The last comprehensive study of mental health in French prisons was published in 2004. It found that almost a quarter of inmates had psychosis – which can include depression, bipolar disorder, or schizophrenia – much higher than the 0.9 percent among the general population. A frequent explanation is that judges and juries have viewed people with psychosocial disabilities as more dangerous than others and handed down longer sentences.

A 2014 law seeking to rectify that tendency provides that sentences should be reduced by one-third for defendants whose state of mind during a crime was compromised by a mental health condition.


Adeline Hazan, France’s general inspector of all places of deprivation of liberty, expressed to Human Rights Watch her concerns about the high number of prisoners with psychosocial disabilities and the lack of appropriate mental health care.

The overcrowding in French prisons – 178 percent of capacity in one prison Human Rights Watch visited – creates difficult working conditions for prison guards who can be responsible for up to 100 prisoners each. They have little time to respond to requests from individual prisoners or to notice signs of mental health conditions. Guards also lack training on mental health, and overcrowding is an obstacle to their ability to attend training that may be available.

Human Rights Watch found particularly harsh conditions for women prisoners. To avoid any contact between men and women, prison officials often restrict women prisoners’ movements more than men’s, making women feel even more isolated. Female prisoners also face discrimination in their access to mental health care. Only one of 26 specialized mental health care units in French prisons has beds for women.

As a party to the European Convention on Human Rights, France has a duty to ensure that prisoners are detained “in conditions which are compatible with respect for [their] human dignity” and that they are not subjected to hardship or distress beyond “the unavoidable level of suffering inherent in detention,” according to the case law of the European Court of Human Rights.

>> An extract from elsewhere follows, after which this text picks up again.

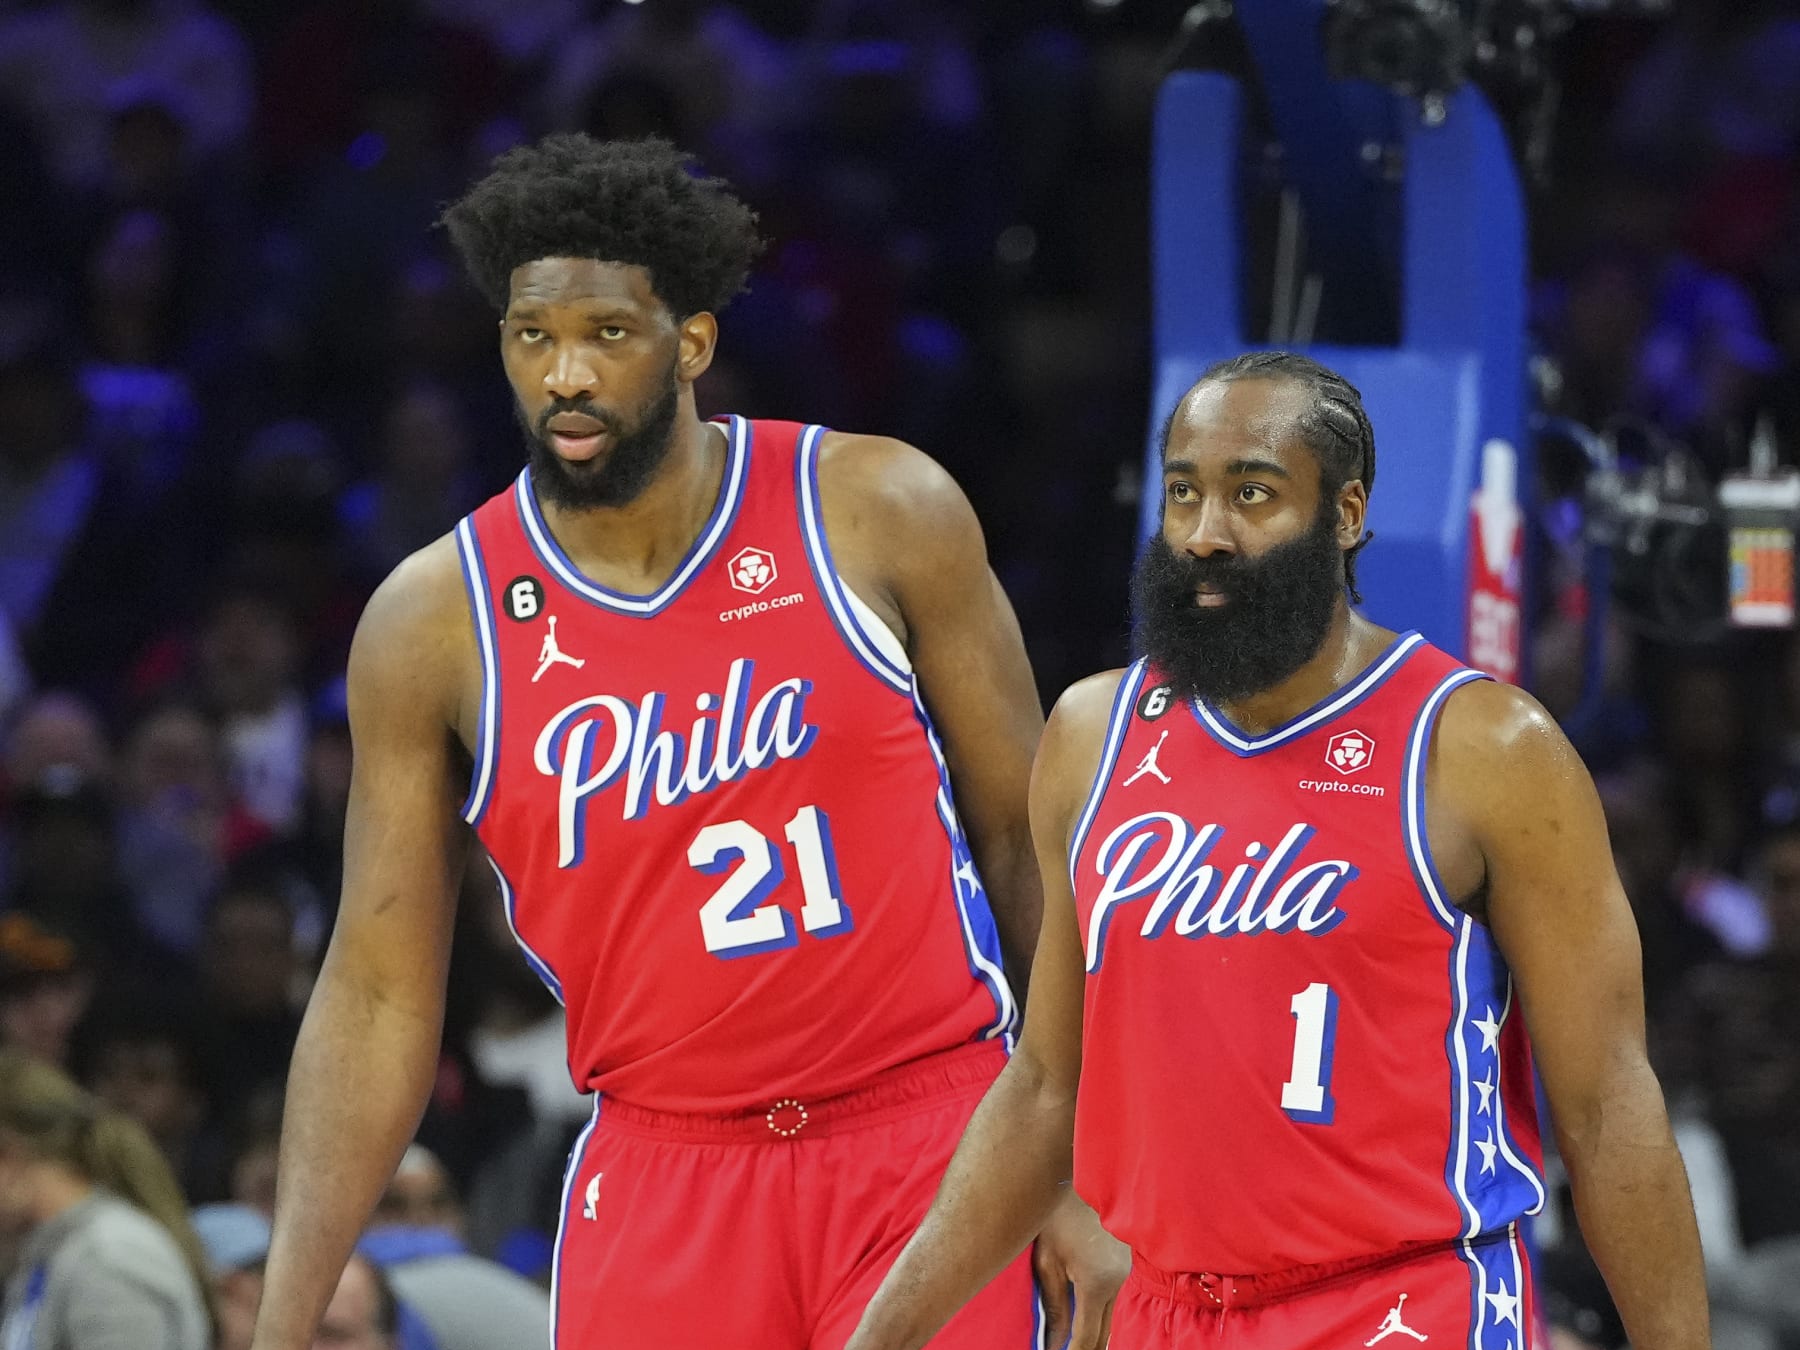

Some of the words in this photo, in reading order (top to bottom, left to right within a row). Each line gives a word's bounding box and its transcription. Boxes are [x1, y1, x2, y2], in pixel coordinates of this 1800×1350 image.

The Convention on the Rights of Persons with Disabilities, which France has ratified, requires French authorities to provide people with disabilities with the highest attainable level of health without discrimination on the basis of their disability, and to provide reasonable accommodation – or appropriate modifications to access services or support. France has also ratified the Convention on the Elimination of Discrimination against Women, which prohibits discrimination on the basis of gender.

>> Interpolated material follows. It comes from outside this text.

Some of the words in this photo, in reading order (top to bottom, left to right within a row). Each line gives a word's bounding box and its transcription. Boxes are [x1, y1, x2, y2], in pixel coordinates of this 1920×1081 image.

The French government should commission a new independent study of the mental health of prisoners and publish more accurate figures on the number of people with psychosocial disabilities in French prisons, Human Rights Watch said. The government should provide appropriate living conditions and ensure that no prisoner with a psychosocial disability is in solitary confinement. France should also address the shortage of mental health professionals in prisons and improve their working conditions.

“Dostoyevsky said that you can judge a society by entering its prisons,” Leghtas said. “France has the means to provide dignified conditions to those in prison and can and should do much better when it comes to the way it treats prisoners with psychosocial disabilities.”